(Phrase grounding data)
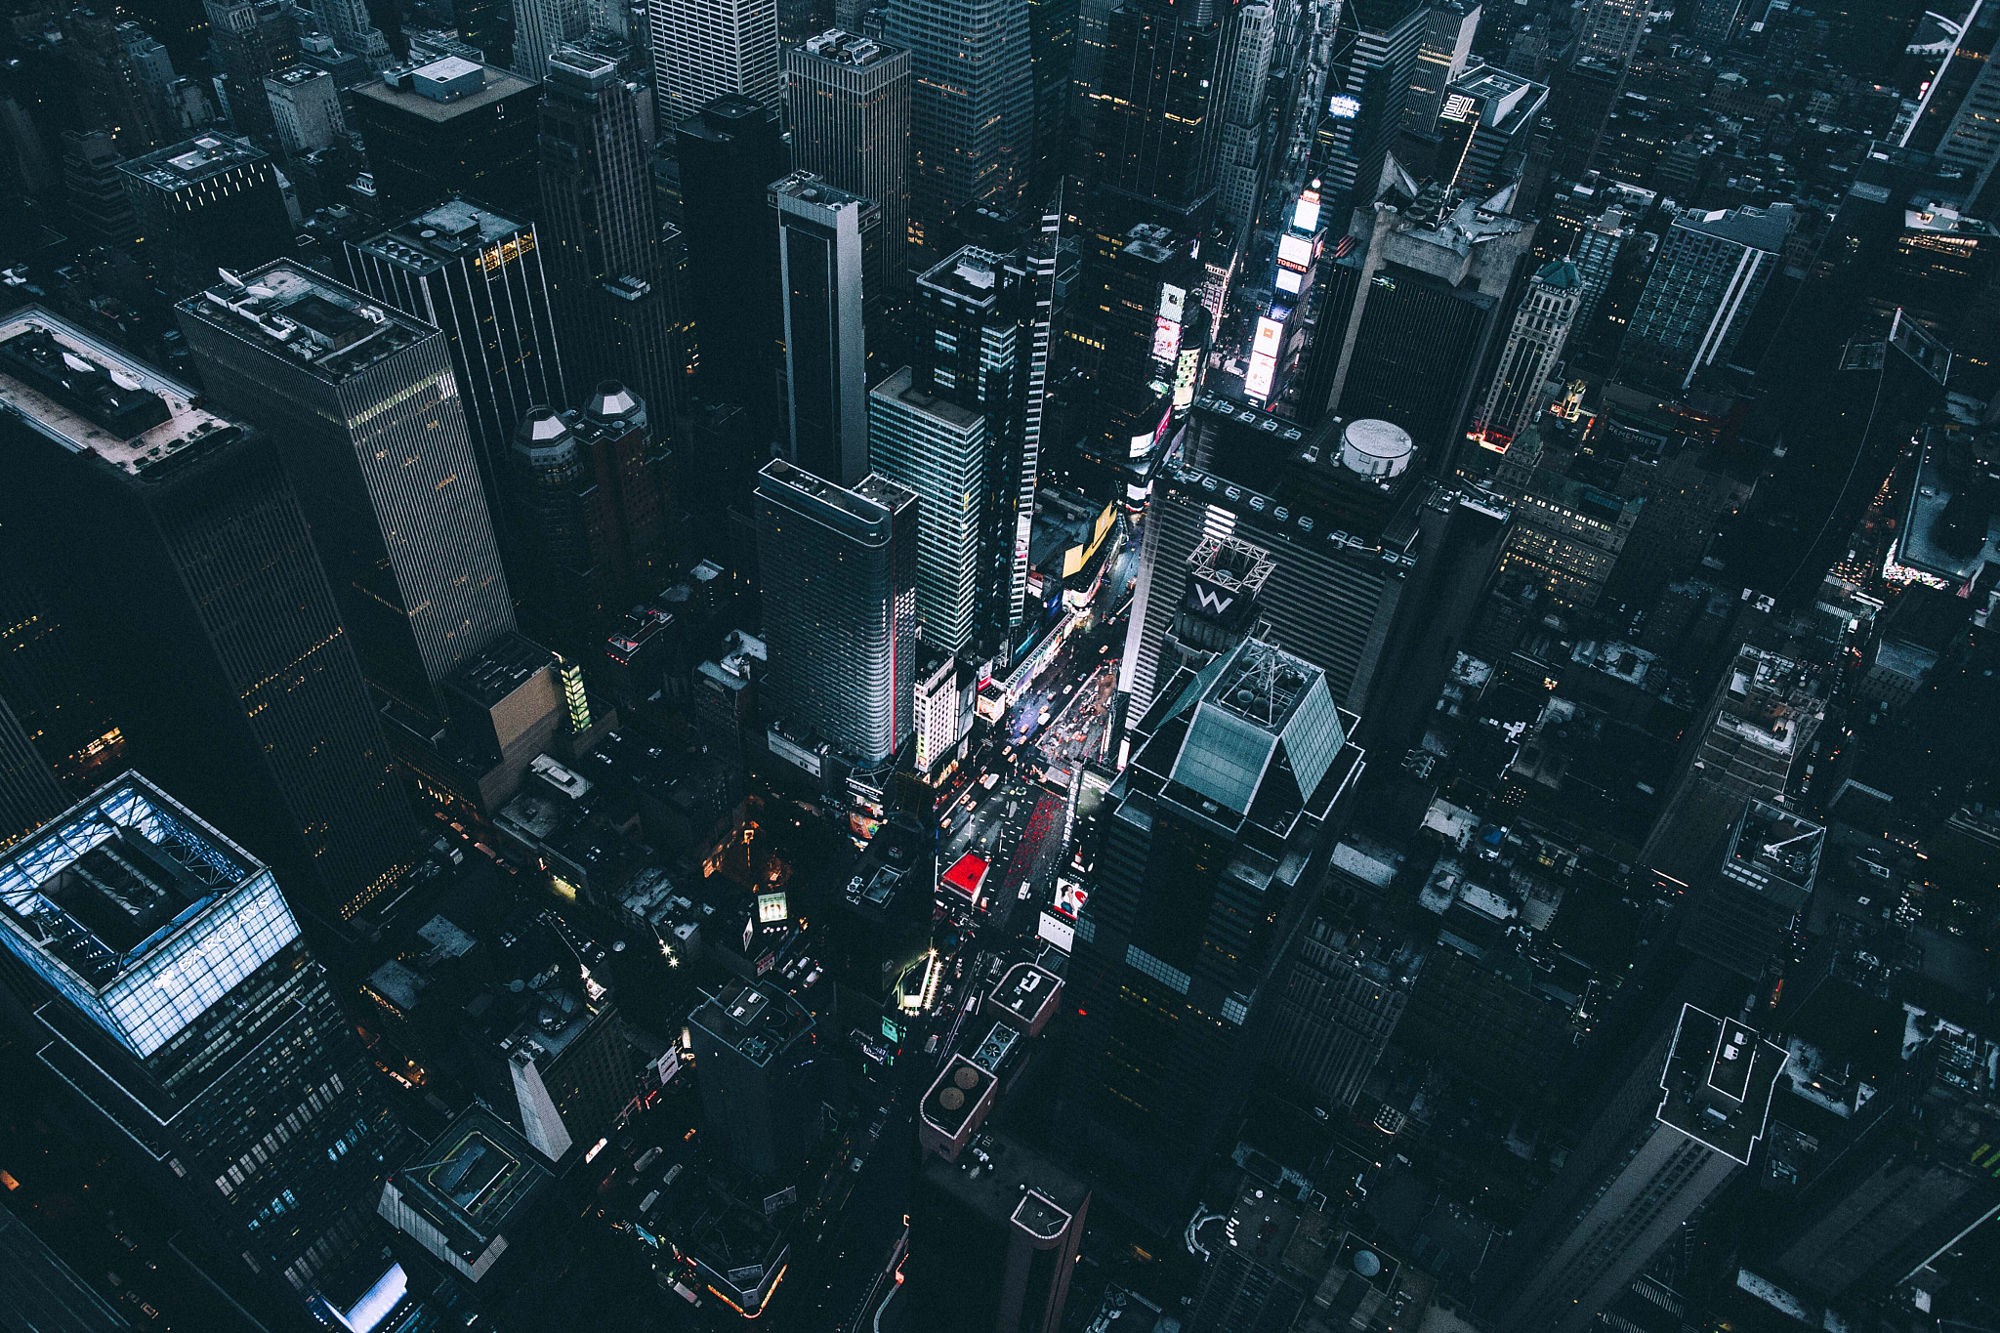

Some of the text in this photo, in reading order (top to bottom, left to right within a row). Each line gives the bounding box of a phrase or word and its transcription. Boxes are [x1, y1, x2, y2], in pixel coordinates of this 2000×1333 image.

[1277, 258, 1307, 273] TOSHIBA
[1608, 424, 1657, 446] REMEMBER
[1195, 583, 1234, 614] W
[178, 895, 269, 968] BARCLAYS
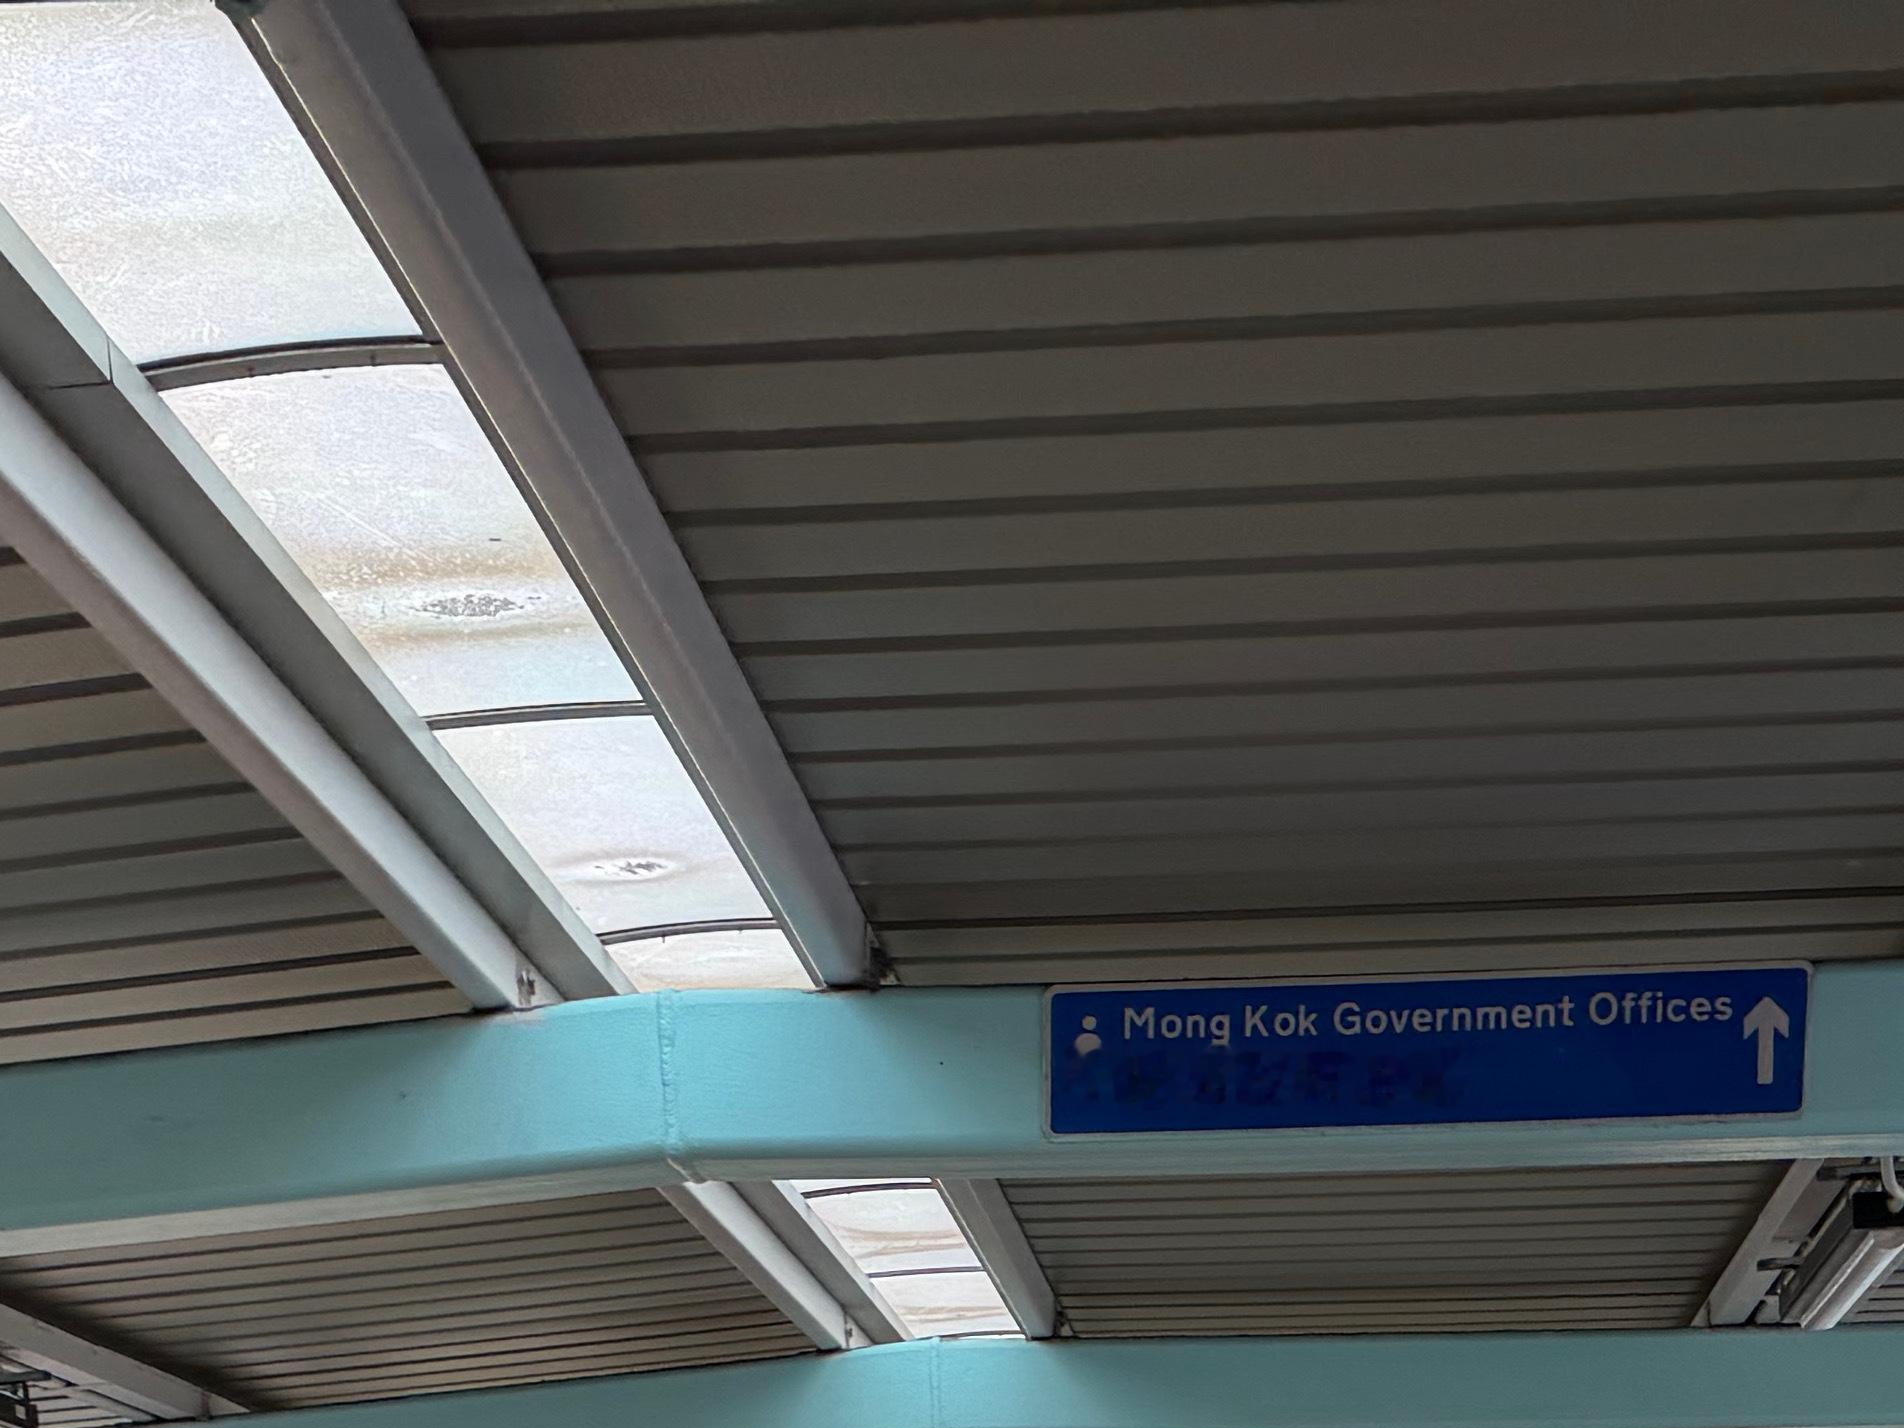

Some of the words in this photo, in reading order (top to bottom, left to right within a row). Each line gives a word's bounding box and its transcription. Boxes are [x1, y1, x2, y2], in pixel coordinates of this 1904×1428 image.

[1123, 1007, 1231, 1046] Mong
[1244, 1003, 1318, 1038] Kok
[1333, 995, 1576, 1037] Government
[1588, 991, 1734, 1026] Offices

### What you have to do
Every line above should be returned word for word, with the pictures left behind.

### Your response
Some of the text in this photo, in reading order (top to bottom, left to right within a row). Each line gives the bounding box of a phrase or word and its transcription. Boxes are [x1, y1, x2, y2], in pixel coordinates of this 2000×1333 image.

[1277, 258, 1307, 273] TOSHIBA
[1608, 424, 1657, 446] REMEMBER
[1195, 583, 1234, 614] W
[178, 895, 269, 968] BARCLAYS

Some of the words in this photo, in reading order (top to bottom, left to right within a row). Each line gives a word's bounding box and its transcription. Boxes are [x1, y1, x2, y2], in pixel coordinates of this 1904×1428 image.

[1123, 1007, 1231, 1046] Mong
[1244, 1003, 1318, 1038] Kok
[1333, 995, 1576, 1037] Government
[1588, 991, 1734, 1026] Offices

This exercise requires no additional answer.